§ THE TASK
Please repeat each of the records that follow, exactly as written.

§ TASK MATERIAL

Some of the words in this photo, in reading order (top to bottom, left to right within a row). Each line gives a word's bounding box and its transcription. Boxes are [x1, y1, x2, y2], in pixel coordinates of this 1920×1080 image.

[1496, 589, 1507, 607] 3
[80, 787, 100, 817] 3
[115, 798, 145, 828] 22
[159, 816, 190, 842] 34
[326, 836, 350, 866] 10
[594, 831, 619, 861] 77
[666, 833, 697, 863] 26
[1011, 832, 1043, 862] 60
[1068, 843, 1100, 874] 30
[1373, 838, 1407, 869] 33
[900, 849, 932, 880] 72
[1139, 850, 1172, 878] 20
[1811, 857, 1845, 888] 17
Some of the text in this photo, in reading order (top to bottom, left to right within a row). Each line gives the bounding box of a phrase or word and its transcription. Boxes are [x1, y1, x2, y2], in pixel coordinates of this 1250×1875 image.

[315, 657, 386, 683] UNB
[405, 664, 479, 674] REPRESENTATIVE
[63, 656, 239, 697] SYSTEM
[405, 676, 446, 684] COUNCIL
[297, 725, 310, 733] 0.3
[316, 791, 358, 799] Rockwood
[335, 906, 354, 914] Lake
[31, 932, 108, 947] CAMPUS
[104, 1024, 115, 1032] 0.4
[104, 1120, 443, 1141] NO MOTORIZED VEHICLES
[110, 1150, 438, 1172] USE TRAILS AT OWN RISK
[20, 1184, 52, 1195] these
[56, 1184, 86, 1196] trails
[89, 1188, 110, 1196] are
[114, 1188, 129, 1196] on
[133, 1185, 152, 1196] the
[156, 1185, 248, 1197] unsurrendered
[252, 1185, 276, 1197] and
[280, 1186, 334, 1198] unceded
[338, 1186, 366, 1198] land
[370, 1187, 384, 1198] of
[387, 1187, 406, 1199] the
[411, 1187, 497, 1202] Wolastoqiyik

§ OUTPUT
Some of the words in this photo, in reading order (top to bottom, left to right within a row). Each line gives a word's bounding box and its transcription. Boxes are [x1, y1, x2, y2], in pixel coordinates of this 1920×1080 image.

[1496, 589, 1507, 607] 3
[80, 787, 100, 817] 3
[115, 798, 145, 828] 22
[159, 816, 190, 842] 34
[326, 836, 350, 866] 10
[594, 831, 619, 861] 77
[666, 833, 697, 863] 26
[1011, 832, 1043, 862] 60
[1068, 843, 1100, 874] 30
[1373, 838, 1407, 869] 33
[900, 849, 932, 880] 72
[1139, 850, 1172, 878] 20
[1811, 857, 1845, 888] 17
Some of the text in this photo, in reading order (top to bottom, left to right within a row). Each line gives the bounding box of a phrase or word and its transcription. Boxes are [x1, y1, x2, y2], in pixel coordinates of this 1250×1875 image.

[315, 657, 386, 683] UNB
[405, 664, 479, 674] REPRESENTATIVE
[63, 656, 239, 697] SYSTEM
[405, 676, 446, 684] COUNCIL
[297, 725, 310, 733] 0.3
[316, 791, 358, 799] Rockwood
[335, 906, 354, 914] Lake
[31, 932, 108, 947] CAMPUS
[104, 1024, 115, 1032] 0.4
[104, 1120, 443, 1141] NO MOTORIZED VEHICLES
[110, 1150, 438, 1172] USE TRAILS AT OWN RISK
[20, 1184, 52, 1195] these
[56, 1184, 86, 1196] trails
[89, 1188, 110, 1196] are
[114, 1188, 129, 1196] on
[133, 1185, 152, 1196] the
[156, 1185, 248, 1197] unsurrendered
[252, 1185, 276, 1197] and
[280, 1186, 334, 1198] unceded
[338, 1186, 366, 1198] land
[370, 1187, 384, 1198] of
[387, 1187, 406, 1199] the
[411, 1187, 497, 1202] Wolastoqiyik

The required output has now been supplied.